Climate change and Energy and Poverty are indeed two key challenges the energy world is facing today, and I do believe that a major international concerted effort can deliver a solution with co-benefits for both the issues. Bringing electricity to everyone by 2030 would require electricity generation in 2030 to be only 3% higher than generation in our Reference Scenario. An annual additional investment of $35 billion would be sufficient to meet this challenge. Also impact on energy-related CO2 emissions is disproportionately modest compared with the number of people affected. If the generation fuel mix to supply the additional demand were that of the 450 Scenario, the increase in energy-related global CO2 emissions would be a mere 0.9% by 2030. Alleviating poverty can and must be part of an international effort for fighting Climate Change.
Does this math add up? No. Here are some details:

According to the IEA,
Based on a detailed country-by-country database updated for this Outlook, we estimate that in 2008 the number of people without access to electricity was 1.5 billion or 22% of the world’s population.
The IEA suggests that this number will be cut to 1.3 billion by 2030. The IEA 2030 450 scenario has 26.4 GtCO2 in 2030 (2.4 GtCO2 less than 2007). So 0.9% of this is 0.24 GtCO2. So the IEA is arguing that electricity can be provided to 1.3 billion people by 2030 and it will add only 0.24 GtCO2. Somehow I don't find that to be credible.

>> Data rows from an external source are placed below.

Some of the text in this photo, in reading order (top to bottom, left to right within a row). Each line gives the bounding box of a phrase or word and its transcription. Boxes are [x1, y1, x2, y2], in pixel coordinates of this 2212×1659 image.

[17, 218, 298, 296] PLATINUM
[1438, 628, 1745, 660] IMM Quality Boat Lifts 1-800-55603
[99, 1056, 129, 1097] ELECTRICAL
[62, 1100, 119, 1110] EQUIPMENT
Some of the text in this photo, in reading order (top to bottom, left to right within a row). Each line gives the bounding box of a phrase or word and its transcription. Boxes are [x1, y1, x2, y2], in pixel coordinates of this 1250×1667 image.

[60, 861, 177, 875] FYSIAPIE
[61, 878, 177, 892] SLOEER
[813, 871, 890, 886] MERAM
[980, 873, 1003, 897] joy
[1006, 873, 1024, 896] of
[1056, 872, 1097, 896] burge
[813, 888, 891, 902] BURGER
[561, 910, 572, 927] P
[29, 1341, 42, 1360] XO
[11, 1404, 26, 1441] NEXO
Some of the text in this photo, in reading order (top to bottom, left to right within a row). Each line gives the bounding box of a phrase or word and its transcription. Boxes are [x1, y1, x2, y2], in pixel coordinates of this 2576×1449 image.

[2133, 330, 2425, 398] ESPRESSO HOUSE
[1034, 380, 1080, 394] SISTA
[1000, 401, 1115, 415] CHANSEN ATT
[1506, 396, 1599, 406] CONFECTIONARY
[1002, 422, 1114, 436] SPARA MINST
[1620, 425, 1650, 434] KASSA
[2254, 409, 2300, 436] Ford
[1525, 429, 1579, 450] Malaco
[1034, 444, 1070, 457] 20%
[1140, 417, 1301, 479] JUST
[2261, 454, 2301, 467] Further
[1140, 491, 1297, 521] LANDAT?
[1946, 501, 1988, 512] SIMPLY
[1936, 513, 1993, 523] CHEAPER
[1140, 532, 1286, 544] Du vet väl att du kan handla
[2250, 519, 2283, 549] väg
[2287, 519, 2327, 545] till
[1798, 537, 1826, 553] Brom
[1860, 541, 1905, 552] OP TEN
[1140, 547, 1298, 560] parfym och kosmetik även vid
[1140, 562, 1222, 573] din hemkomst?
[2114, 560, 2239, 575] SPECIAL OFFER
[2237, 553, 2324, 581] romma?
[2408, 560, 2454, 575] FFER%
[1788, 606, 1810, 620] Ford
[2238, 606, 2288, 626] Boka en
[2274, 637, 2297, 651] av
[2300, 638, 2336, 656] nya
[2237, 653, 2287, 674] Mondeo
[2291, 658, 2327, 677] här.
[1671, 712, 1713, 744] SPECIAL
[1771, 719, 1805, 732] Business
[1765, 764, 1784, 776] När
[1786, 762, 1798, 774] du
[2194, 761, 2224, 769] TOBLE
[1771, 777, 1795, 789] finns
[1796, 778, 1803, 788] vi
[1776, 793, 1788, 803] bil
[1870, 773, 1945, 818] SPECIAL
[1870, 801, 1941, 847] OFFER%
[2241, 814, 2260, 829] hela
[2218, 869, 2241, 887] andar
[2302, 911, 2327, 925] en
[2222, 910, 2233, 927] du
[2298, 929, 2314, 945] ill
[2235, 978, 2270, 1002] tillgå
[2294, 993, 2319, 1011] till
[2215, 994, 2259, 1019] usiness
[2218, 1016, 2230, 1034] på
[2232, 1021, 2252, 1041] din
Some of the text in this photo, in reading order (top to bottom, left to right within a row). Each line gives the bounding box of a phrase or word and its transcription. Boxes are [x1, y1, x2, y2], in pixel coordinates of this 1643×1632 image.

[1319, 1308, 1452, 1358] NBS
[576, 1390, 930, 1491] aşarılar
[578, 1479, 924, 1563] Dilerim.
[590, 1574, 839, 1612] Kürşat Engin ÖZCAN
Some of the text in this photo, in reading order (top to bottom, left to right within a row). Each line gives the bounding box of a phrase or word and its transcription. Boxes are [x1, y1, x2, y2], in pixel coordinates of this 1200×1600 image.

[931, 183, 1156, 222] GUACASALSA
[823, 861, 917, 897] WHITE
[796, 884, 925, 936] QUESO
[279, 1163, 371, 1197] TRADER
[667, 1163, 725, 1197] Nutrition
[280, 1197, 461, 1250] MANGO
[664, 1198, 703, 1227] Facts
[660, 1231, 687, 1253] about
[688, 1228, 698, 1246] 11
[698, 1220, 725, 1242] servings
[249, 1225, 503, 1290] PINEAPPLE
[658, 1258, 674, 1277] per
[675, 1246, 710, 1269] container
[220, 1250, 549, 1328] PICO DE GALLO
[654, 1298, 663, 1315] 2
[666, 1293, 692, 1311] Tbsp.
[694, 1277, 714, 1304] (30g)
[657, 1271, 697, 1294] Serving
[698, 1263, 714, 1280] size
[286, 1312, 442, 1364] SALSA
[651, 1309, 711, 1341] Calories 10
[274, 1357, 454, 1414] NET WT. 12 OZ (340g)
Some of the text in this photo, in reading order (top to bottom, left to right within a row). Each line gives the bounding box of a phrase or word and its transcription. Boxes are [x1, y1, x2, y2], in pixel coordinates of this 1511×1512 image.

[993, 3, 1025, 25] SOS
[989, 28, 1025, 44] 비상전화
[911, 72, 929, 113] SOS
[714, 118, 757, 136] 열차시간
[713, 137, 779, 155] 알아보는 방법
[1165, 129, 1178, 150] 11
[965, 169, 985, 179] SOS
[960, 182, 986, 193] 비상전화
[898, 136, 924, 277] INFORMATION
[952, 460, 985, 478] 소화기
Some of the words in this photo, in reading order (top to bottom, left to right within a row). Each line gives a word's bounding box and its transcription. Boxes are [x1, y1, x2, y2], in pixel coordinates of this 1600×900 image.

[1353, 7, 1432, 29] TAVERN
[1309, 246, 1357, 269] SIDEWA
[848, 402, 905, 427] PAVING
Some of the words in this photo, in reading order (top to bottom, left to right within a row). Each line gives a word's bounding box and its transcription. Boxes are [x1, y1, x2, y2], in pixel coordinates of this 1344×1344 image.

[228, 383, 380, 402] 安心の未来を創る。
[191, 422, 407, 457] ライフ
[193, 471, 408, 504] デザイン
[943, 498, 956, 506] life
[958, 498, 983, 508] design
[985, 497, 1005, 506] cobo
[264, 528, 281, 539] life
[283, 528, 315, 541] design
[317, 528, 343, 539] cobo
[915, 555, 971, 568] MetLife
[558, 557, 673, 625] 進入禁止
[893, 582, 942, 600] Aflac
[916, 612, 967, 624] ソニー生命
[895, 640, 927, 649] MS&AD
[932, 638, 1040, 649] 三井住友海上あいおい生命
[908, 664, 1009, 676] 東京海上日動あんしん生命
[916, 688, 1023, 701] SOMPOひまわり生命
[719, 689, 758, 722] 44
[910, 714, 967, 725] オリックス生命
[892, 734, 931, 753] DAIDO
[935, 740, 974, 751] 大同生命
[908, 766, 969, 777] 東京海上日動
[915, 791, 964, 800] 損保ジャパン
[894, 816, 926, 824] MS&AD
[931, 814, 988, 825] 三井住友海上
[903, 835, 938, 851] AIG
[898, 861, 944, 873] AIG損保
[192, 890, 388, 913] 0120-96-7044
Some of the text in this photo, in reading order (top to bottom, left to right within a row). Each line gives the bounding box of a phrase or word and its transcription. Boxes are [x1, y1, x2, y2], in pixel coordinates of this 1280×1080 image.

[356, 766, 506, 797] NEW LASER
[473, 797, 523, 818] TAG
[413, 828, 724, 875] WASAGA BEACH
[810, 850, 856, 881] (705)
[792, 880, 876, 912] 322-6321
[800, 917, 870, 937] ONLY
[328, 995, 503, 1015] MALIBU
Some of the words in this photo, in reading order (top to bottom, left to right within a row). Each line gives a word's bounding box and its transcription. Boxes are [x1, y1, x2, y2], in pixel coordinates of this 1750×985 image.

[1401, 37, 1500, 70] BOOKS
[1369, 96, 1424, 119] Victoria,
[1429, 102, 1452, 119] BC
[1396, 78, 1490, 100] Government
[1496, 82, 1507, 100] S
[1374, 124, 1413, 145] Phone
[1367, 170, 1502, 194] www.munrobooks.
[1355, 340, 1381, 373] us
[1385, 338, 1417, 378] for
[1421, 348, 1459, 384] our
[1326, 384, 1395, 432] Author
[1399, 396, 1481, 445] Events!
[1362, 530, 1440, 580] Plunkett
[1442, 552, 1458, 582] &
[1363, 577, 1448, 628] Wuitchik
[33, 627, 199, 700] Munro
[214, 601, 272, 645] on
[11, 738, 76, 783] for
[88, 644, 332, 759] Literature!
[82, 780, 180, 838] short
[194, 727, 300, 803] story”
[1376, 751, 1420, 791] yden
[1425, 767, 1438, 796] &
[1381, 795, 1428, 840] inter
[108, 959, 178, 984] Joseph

By contrast, if each of those 1.3 billion people had average emissions at the 2007 world average of 4.4 tCo2 they would add about 5.72 GtCO2 to the 2030 total, or an increase of 14% over the Reference Scenario.

What this exercise shows is that you can have a lot of fun with Reference Scenarios and Stabilization Scenarios, none of which is too closely connected to the real world. To suggest that access to electricity for 1.3 billion people can be provided at a marginal emission increase of 0.24 GtCO2 is misleading at best, and yet another example of how international assessments serve to dramatically understate the magnitude of the decarbonization challenge.


  1. It's simple. 'Magical Solutions' require 'Magical Maths.'

  2. Roger, I did a small conversion calculation myself.
    On a yearly basis I use 2300 kWh electricity, 1484 m3 natural gas for heating and cooking, and 1041 litres petrol for transport (a modest 12500 km).

    Holland has 90% fossil fuel electricity, so to decarbonise my household this would need the equivalent of 2070 kWh fossil-free electricity, 13057 kWh electricity equivalent for cooking and heating, and 3736 kWh to drive an electric car (using a petrol efficiency of 30%). This means an increase for my household alone of 18863 kWh per year of fossil free electricity.

    With 7.25 million households in the Netherlands that would need 16 GW of extra nuclear power (ten new medium size nuclear power plants), or 67 GW windpower (13384 turbines of 5 MW).

  3. Hans Erren,

    Increasing the number of wind turbines doesn't make up for the low duty factor unless the turbines are very widely distributed, and maybe not even then. So you would still need 16 GW of instant on generating capacity for backup, or a whole lot of batteries.